“Que se me pegue la lengua al paladar si no me acuerdo de ti”.
Este estribillo que repetiremos durante el salmo responsorial, refleja el amor grande del pueblo de Dios a su templo y a su Señor.
En realidad el pueblo de Israel, como todos nuestros pueblos, tenía siempre el mismo problema: Fidelidad de Dios por un lado e infidelidad y arrepentimiento por parte del pueblo escogido.
Las lecturas de hoy nos permiten asomarnos a esa fuente de misericordia que es el corazón de Dios. Así se ha manifestado en distintas oportunidades.
Precisamente cuando Dios se define a sí mismo en el encuentro místico entre Moisés y él, dice que es “clemente y rico en misericordia”.
Esta misericordia y bondad aparecen cuando menos lo pensamos.
Testigo de ello es el relato que hoy nos hace el segundo libro de las Crónicas.
Personalmente siempre me preguntaba ¿y cómo se arregló Dios para hacer que los desterrados de Babilonia volvieran otra vez a la tierra prometida?
Pues sí, cuando menos se lo esperaban, resulta que el nuevo rey de Persia, Ciro, cumplió la profecía de Jeremías de una manera inconciente.
En efecto, leemos, “movió el Señor el espíritu de Ciro, rey de Persia, que mandó publicar de palabra y por escrito en todo su reino:
“Así habla Ciro el rey de Persia: “El Señor, el rey de los cielos, me ha dado todos los reinos de la tierra. Él me ha encargado que le edifique una casa en Jerusalén, en Judá. Quien de vosotros pertenezca a su pueblo sea Dios con él y suba”.
¿No les parece que esto fue tan inesperado como maravilloso?
A partir de ese momento los judíos que quisieron regresaron a su tierra y reconstruyeron el templo y ciudad de Jerusalén.
Otra gran prueba de la misericordia de Dios con nosotros nos la da San Pablo que escribe a los Efesios estas palabras dignas de meditación:
“Dios rico en misericordia, por el gran amor con que nos amó, estando nosotros muertos por el pecado, nos ha hecho vivir con Cristo, nos ha resucitado con Él…

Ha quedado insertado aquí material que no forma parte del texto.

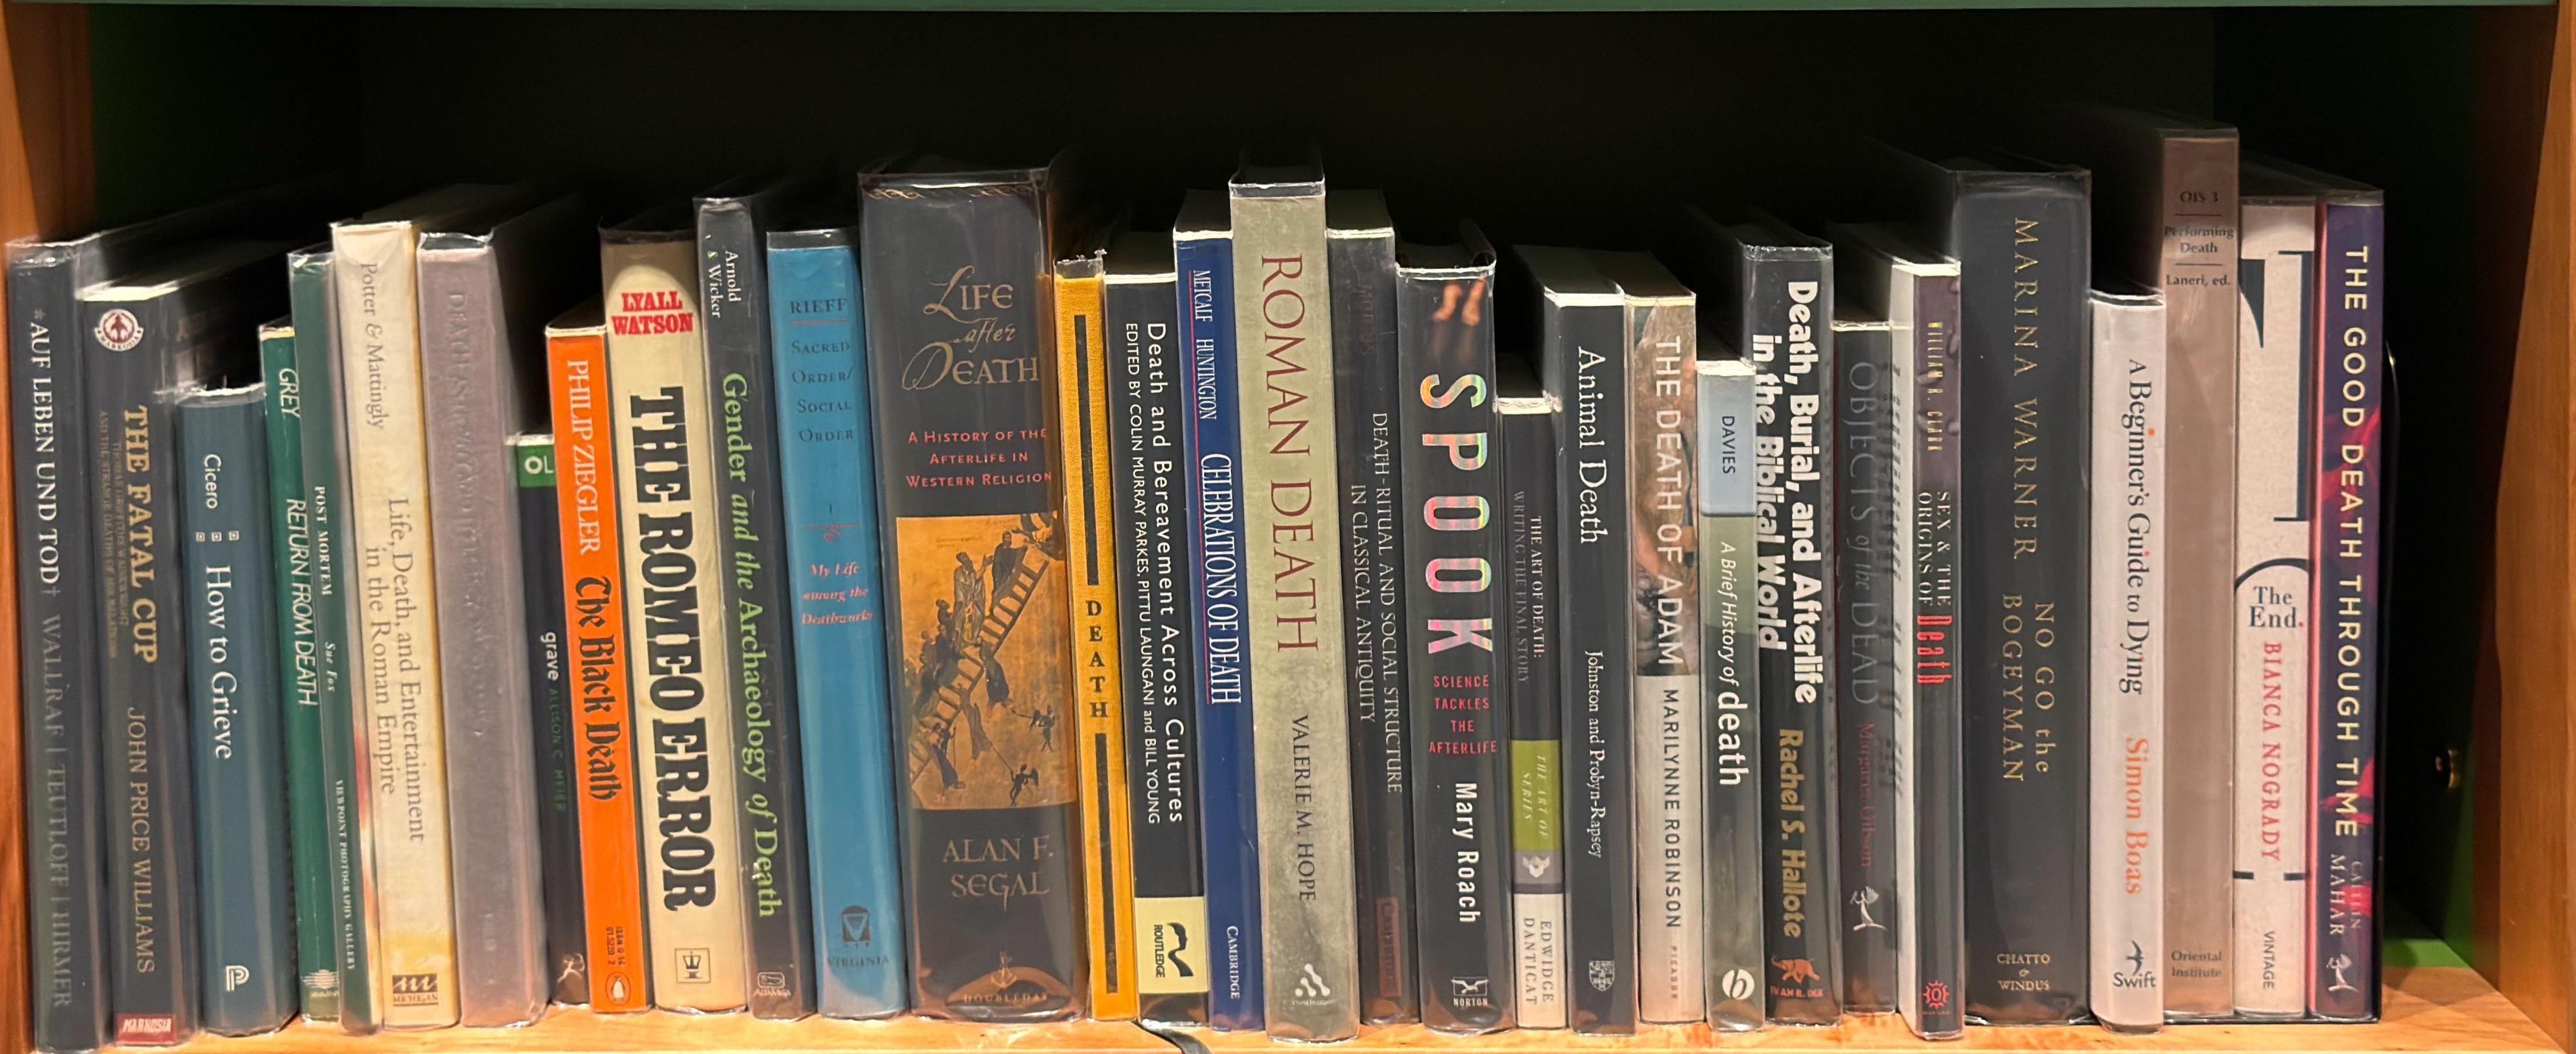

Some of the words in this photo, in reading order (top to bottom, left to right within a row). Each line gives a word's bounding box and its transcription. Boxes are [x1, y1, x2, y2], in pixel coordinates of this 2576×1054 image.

[2165, 225, 2234, 239] Performing
[2180, 242, 2218, 253] Death
[359, 263, 379, 315] Potter
[622, 290, 683, 312] LYALL
[708, 265, 723, 318] Wicker
[725, 251, 742, 301] Arnold
[1193, 270, 1213, 322] METCALF
[2014, 218, 2039, 377] MARINA
[2212, 274, 2231, 286] ed.
[2345, 246, 2369, 310] THE
[365, 324, 381, 338] &
[611, 312, 693, 335] WATSON
[790, 298, 848, 314] RIEFF
[1784, 281, 1819, 385] Death,
[30, 322, 52, 369] AUF
[951, 317, 1017, 353] after
[1126, 324, 1140, 375] EDITED
[1148, 324, 1168, 393] Death
[1262, 253, 1311, 457] ROMAN
[1927, 322, 1943, 378] WILLIAM
[279, 369, 301, 418] GREY
[365, 344, 389, 430] Mattingly
[901, 342, 1040, 390] DEATH
[1129, 381, 1141, 398] BY
[1196, 338, 1217, 419] HUNTINGTON
[2130, 360, 2147, 374] A
[2342, 328, 2366, 426] GOOD
[33, 378, 55, 453] LEBEN
[567, 360, 594, 441] PHILIP
[1578, 346, 1606, 450] Animal
[908, 431, 917, 443] A
[924, 431, 989, 443] HISTORY
[995, 431, 1013, 441] OF
[1020, 428, 1047, 439] THE
[1130, 405, 1143, 450] COLIN
[1152, 406, 1172, 446] and
[1722, 416, 1736, 474] DAVIES
[1786, 395, 1821, 491] Burial,
[1927, 411, 1943, 451] CLARK
[2122, 382, 2155, 506] Beginner's
[205, 454, 221, 508] Cicero
[906, 475, 975, 487] WESTERN
[982, 471, 1052, 486] RELIGION
[929, 453, 1006, 465] AFTERLIFE
[1013, 452, 1028, 462] IN
[2014, 397, 2039, 560] WARNER
[36, 463, 57, 521] UND
[313, 486, 328, 523] POST
[572, 445, 601, 555] ZIEGLER
[1132, 457, 1146, 516] MURRAY
[1420, 374, 1494, 654] SPOOK
[1579, 459, 1608, 544] Death
[1937, 492, 1951, 530] SEX
[2340, 445, 2364, 558] DEATH
[1153, 461, 1176, 615] Bereavement
[1514, 491, 1527, 553] WRITING
[1530, 516, 1543, 544] THE
[1792, 502, 1821, 560] and
[1918, 492, 1933, 574] ORIGINS
[1937, 541, 1951, 552] &
[38, 529, 59, 584] TOD
[317, 530, 332, 596] MORTEM
[366, 548, 382, 568] in
[1271, 478, 1318, 653] DEATH
[1515, 558, 1527, 587] THE
[1531, 550, 1543, 576] ART
[2128, 514, 2151, 588] Guide
[206, 564, 232, 628] How
[368, 576, 390, 612] the
[574, 576, 612, 627] The
[1138, 581, 1151, 621] PITTU
[1378, 563, 1395, 605] AND
[1532, 581, 1544, 600] OF
[1918, 582, 1933, 606] OF
[1937, 564, 1951, 606] THE
[2127, 595, 2143, 612] to
[2253, 585, 2292, 606] The
[1516, 592, 1528, 633] FINAL
[1532, 605, 1545, 657] DEATH:
[1793, 573, 1823, 703] Afterlife
[2248, 605, 2304, 629] End.
[210, 636, 229, 663] to
[371, 621, 392, 704] Roman
[1086, 600, 1109, 717] DEATH
[1140, 628, 1154, 705] LAUNGANI
[1161, 625, 1180, 706] Across
[1380, 612, 1398, 680] SOCIAL
[1517, 638, 1530, 684] STORY
[1917, 615, 1953, 684] Death
[2119, 620, 2150, 694] Dying
[2337, 575, 2361, 740] THROUGH
[44, 614, 65, 736] WALLRAF
[578, 637, 616, 713] Black
[1433, 675, 1489, 688] SCIENCE
[1584, 649, 1604, 712] Johnston
[2262, 642, 2282, 732] BIANCA
[211, 672, 238, 760] Grieve
[1144, 710, 1156, 732] and
[1434, 697, 1489, 710] TACKLES
[1451, 720, 1475, 733] THE
[1589, 718, 1604, 744] and
[373, 713, 399, 793] Empire
[585, 722, 622, 799] Death
[1144, 738, 1157, 766] BILL
[1293, 714, 1312, 802] VALERIE
[1384, 686, 1402, 793] STRUCTURE
[1429, 741, 1497, 754] AFTERLIFE
[1664, 690, 1680, 810] MARILYNNE
[1146, 769, 1161, 823] YOUNG
[1165, 719, 1185, 822] Cultures
[2124, 737, 2150, 819] Simon
[2335, 758, 2359, 837] TIME
[1295, 810, 1313, 834] M.
[1452, 783, 1477, 839] Mary
[1587, 749, 1606, 858] Probyn-Rapsey
[2261, 743, 2281, 861] NOGRADY
[943, 838, 1021, 862] ALAN
[1033, 835, 1054, 860] F.
[1297, 843, 1316, 900] HOPE
[1665, 819, 1681, 927] ROBINSON
[2124, 830, 2150, 894] Boas
[951, 872, 1050, 912] SEGAL
[1456, 851, 1481, 922] Roach
[2329, 854, 2348, 935] MAHAR
[52, 911, 71, 1007] HIRMER
[1153, 924, 1166, 978] ROUTLEDGE
[1226, 926, 1240, 999] CAMBRIDGE
[1523, 917, 1538, 1005] DANTICAT
[1540, 920, 1554, 1003] EDWIDGE
[1997, 954, 2051, 964] CHATTO
[2171, 950, 2223, 962] Oriental
[2171, 967, 2223, 978] Institute
[2263, 930, 2275, 990] VINTAGE
[964, 993, 1048, 1003] DOUBLEDAY
[1454, 997, 1488, 1007] NORTON
[1998, 980, 2051, 991] WINDUS
[2112, 971, 2156, 988] Swift

Pero hay un paréntesis importante porque añade San Pablo: “por pura gracia, por puro regalo, estáis salvados”.
A veces no lo pensamos pero una de las gracias más grandes, posiblemente la mayor que Dios nos ha hecho, es que siendo pecadores y estando en el pecado, Jesús dio la vida para salvarnos.
No mereceremos nunca la salvación. Es pura gracia.
Por su parte San Juan nos lleva a una noche serena de Jerusalén y nos imaginamos a Jesús y al anciano Nicodemo sentados y contemplando, a la luz de la luna, la ciudad de Jerusalén.
Ese tímido seguidor de Cristo, fariseo que temía a sus compañeros, es testigo de la gran manifestación de amor que ha tenido Dios con la humanidad.
Meditemos hoy con mucha atención y gratitud:
“Tanto amó Dios al mundo que le entregó a su Hijo único para que no perezca ninguno de los que creen en Él, sino que tengan vida eterna”.
Ese es el regalo de Dios: su propio Hijo.
Él no se encarnó ni entró en este mundo para condenar a nadie. Él vino a ofrecer la salvación a todos.
Es cierto que, a pesar de todo, hay y habrá hombres que prefieren las tinieblas a la luz porque sus obras son malas. Pero nunca podrán decir que Dios los condenó por falta de misericordia.
El juicio de Dios está claro y tenemos que tenerlo muy presente:
“La luz vino al mundo y los hombres prefirieron la tiniebla a la luz.
En cambio otros que realizan la verdad se acercan con toda seguridad a la luz, que es Cristo, para que todos vean que sus obras están hechas según Dios”.
Recuerda siempre, amigo, estas preciosas palabras más o menos literales de San Pablo:
“Tú eres obra de Dios. Él te ha creado en Cristo Jesús para que te dediques a hacer las obras buenas que Él mismo nos ha pedido”.
Entonces serás feliz y cantarás eternamente las misericordias del Señor.